## What the task asks
Faithfully repeat all of the records, as they are written below.

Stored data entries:
········
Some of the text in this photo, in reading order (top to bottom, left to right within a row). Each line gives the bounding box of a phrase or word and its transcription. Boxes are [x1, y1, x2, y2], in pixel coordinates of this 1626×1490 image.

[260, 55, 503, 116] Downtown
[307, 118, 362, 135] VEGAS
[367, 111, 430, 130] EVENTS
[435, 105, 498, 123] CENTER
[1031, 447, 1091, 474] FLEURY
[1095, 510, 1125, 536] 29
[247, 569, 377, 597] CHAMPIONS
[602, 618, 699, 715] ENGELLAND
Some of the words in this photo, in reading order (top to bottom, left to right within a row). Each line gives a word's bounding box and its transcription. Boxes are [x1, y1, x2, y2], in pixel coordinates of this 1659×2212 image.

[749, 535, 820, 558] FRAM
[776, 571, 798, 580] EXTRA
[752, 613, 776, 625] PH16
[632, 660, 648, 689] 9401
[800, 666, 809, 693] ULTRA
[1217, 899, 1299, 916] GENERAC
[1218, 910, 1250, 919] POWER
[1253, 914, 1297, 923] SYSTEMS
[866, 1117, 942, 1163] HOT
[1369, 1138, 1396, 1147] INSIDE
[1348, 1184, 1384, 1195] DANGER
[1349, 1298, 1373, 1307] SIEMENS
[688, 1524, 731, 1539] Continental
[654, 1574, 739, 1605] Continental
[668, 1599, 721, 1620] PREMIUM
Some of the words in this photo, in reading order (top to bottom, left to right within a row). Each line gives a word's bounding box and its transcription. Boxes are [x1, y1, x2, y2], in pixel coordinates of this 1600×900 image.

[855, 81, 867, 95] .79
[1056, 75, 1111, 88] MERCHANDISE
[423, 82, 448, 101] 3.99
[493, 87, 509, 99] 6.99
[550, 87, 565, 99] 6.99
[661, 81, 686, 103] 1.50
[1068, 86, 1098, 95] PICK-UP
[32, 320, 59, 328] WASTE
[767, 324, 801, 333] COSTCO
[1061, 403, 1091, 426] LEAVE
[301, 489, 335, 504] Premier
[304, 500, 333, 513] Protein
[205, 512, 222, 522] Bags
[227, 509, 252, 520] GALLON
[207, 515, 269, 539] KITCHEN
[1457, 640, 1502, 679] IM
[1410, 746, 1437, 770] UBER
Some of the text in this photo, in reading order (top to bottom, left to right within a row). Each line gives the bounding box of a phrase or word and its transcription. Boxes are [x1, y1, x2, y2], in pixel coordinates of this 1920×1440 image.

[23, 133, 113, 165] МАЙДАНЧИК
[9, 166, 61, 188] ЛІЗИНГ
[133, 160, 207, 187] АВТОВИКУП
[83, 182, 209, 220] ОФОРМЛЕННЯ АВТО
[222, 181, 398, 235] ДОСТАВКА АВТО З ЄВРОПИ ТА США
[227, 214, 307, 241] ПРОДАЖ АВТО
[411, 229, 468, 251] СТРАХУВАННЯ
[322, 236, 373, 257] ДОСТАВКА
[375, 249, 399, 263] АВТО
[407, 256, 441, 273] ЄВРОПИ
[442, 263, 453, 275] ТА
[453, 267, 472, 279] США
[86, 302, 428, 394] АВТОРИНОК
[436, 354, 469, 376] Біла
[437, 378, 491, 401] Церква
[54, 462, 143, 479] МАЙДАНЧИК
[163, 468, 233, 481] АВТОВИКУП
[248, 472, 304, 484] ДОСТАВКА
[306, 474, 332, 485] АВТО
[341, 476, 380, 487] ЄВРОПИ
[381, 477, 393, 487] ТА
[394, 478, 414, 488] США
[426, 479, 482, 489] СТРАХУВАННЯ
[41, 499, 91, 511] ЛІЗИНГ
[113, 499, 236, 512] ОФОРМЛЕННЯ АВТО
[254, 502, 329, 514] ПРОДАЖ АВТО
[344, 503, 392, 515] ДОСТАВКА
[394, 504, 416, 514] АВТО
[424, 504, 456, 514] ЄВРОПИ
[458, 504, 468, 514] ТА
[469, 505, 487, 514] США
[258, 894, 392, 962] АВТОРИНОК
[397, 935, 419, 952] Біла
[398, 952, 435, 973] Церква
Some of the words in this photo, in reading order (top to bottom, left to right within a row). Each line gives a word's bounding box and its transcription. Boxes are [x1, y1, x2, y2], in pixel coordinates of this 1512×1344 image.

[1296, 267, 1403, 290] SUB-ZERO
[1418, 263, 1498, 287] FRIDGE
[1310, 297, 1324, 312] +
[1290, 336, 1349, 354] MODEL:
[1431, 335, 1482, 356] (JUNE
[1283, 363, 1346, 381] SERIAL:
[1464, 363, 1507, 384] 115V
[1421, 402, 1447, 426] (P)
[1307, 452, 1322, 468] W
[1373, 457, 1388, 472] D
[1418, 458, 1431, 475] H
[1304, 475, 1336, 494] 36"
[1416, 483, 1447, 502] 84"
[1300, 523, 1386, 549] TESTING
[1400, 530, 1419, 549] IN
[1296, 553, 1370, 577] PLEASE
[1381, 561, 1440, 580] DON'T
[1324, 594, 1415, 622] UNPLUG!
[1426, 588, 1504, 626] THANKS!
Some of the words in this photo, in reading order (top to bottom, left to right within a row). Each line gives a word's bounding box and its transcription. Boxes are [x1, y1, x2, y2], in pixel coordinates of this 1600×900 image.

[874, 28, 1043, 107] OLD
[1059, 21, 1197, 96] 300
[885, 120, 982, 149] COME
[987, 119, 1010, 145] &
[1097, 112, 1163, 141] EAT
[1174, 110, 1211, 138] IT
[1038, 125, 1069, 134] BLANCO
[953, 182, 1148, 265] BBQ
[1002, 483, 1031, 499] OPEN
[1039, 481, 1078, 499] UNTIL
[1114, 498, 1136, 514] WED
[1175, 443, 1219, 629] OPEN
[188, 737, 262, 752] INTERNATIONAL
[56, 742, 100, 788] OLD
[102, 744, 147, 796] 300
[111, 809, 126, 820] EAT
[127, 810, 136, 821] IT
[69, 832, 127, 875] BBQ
········
## Solution
Some of the text in this photo, in reading order (top to bottom, left to right within a row). Each line gives the bounding box of a phrase or word and its transcription. Boxes are [x1, y1, x2, y2], in pixel coordinates of this 1626×1490 image.

[260, 55, 503, 116] Downtown
[307, 118, 362, 135] VEGAS
[367, 111, 430, 130] EVENTS
[435, 105, 498, 123] CENTER
[1031, 447, 1091, 474] FLEURY
[1095, 510, 1125, 536] 29
[247, 569, 377, 597] CHAMPIONS
[602, 618, 699, 715] ENGELLAND
Some of the words in this photo, in reading order (top to bottom, left to right within a row). Each line gives a word's bounding box and its transcription. Boxes are [x1, y1, x2, y2], in pixel coordinates of this 1659×2212 image.

[749, 535, 820, 558] FRAM
[776, 571, 798, 580] EXTRA
[752, 613, 776, 625] PH16
[632, 660, 648, 689] 9401
[800, 666, 809, 693] ULTRA
[1217, 899, 1299, 916] GENERAC
[1218, 910, 1250, 919] POWER
[1253, 914, 1297, 923] SYSTEMS
[866, 1117, 942, 1163] HOT
[1369, 1138, 1396, 1147] INSIDE
[1348, 1184, 1384, 1195] DANGER
[1349, 1298, 1373, 1307] SIEMENS
[688, 1524, 731, 1539] Continental
[654, 1574, 739, 1605] Continental
[668, 1599, 721, 1620] PREMIUM
Some of the words in this photo, in reading order (top to bottom, left to right within a row). Each line gives a word's bounding box and its transcription. Boxes are [x1, y1, x2, y2], in pixel coordinates of this 1600×900 image.

[855, 81, 867, 95] .79
[1056, 75, 1111, 88] MERCHANDISE
[423, 82, 448, 101] 3.99
[493, 87, 509, 99] 6.99
[550, 87, 565, 99] 6.99
[661, 81, 686, 103] 1.50
[1068, 86, 1098, 95] PICK-UP
[32, 320, 59, 328] WASTE
[767, 324, 801, 333] COSTCO
[1061, 403, 1091, 426] LEAVE
[301, 489, 335, 504] Premier
[304, 500, 333, 513] Protein
[205, 512, 222, 522] Bags
[227, 509, 252, 520] GALLON
[207, 515, 269, 539] KITCHEN
[1457, 640, 1502, 679] IM
[1410, 746, 1437, 770] UBER
Some of the text in this photo, in reading order (top to bottom, left to right within a row). Each line gives the bounding box of a phrase or word and its transcription. Boxes are [x1, y1, x2, y2], in pixel coordinates of this 1920×1440 image.

[23, 133, 113, 165] МАЙДАНЧИК
[9, 166, 61, 188] ЛІЗИНГ
[133, 160, 207, 187] АВТОВИКУП
[83, 182, 209, 220] ОФОРМЛЕННЯ АВТО
[222, 181, 398, 235] ДОСТАВКА АВТО З ЄВРОПИ ТА США
[227, 214, 307, 241] ПРОДАЖ АВТО
[411, 229, 468, 251] СТРАХУВАННЯ
[322, 236, 373, 257] ДОСТАВКА
[375, 249, 399, 263] АВТО
[407, 256, 441, 273] ЄВРОПИ
[442, 263, 453, 275] ТА
[453, 267, 472, 279] США
[86, 302, 428, 394] АВТОРИНОК
[436, 354, 469, 376] Біла
[437, 378, 491, 401] Церква
[54, 462, 143, 479] МАЙДАНЧИК
[163, 468, 233, 481] АВТОВИКУП
[248, 472, 304, 484] ДОСТАВКА
[306, 474, 332, 485] АВТО
[341, 476, 380, 487] ЄВРОПИ
[381, 477, 393, 487] ТА
[394, 478, 414, 488] США
[426, 479, 482, 489] СТРАХУВАННЯ
[41, 499, 91, 511] ЛІЗИНГ
[113, 499, 236, 512] ОФОРМЛЕННЯ АВТО
[254, 502, 329, 514] ПРОДАЖ АВТО
[344, 503, 392, 515] ДОСТАВКА
[394, 504, 416, 514] АВТО
[424, 504, 456, 514] ЄВРОПИ
[458, 504, 468, 514] ТА
[469, 505, 487, 514] США
[258, 894, 392, 962] АВТОРИНОК
[397, 935, 419, 952] Біла
[398, 952, 435, 973] Церква
Some of the words in this photo, in reading order (top to bottom, left to right within a row). Each line gives a word's bounding box and its transcription. Boxes are [x1, y1, x2, y2], in pixel coordinates of this 1512×1344 image.

[1296, 267, 1403, 290] SUB-ZERO
[1418, 263, 1498, 287] FRIDGE
[1310, 297, 1324, 312] +
[1290, 336, 1349, 354] MODEL:
[1431, 335, 1482, 356] (JUNE
[1283, 363, 1346, 381] SERIAL:
[1464, 363, 1507, 384] 115V
[1421, 402, 1447, 426] (P)
[1307, 452, 1322, 468] W
[1373, 457, 1388, 472] D
[1418, 458, 1431, 475] H
[1304, 475, 1336, 494] 36"
[1416, 483, 1447, 502] 84"
[1300, 523, 1386, 549] TESTING
[1400, 530, 1419, 549] IN
[1296, 553, 1370, 577] PLEASE
[1381, 561, 1440, 580] DON'T
[1324, 594, 1415, 622] UNPLUG!
[1426, 588, 1504, 626] THANKS!
Some of the words in this photo, in reading order (top to bottom, left to right within a row). Each line gives a word's bounding box and its transcription. Boxes are [x1, y1, x2, y2], in pixel coordinates of this 1600×900 image.

[874, 28, 1043, 107] OLD
[1059, 21, 1197, 96] 300
[885, 120, 982, 149] COME
[987, 119, 1010, 145] &
[1097, 112, 1163, 141] EAT
[1174, 110, 1211, 138] IT
[1038, 125, 1069, 134] BLANCO
[953, 182, 1148, 265] BBQ
[1002, 483, 1031, 499] OPEN
[1039, 481, 1078, 499] UNTIL
[1114, 498, 1136, 514] WED
[1175, 443, 1219, 629] OPEN
[188, 737, 262, 752] INTERNATIONAL
[56, 742, 100, 788] OLD
[102, 744, 147, 796] 300
[111, 809, 126, 820] EAT
[127, 810, 136, 821] IT
[69, 832, 127, 875] BBQ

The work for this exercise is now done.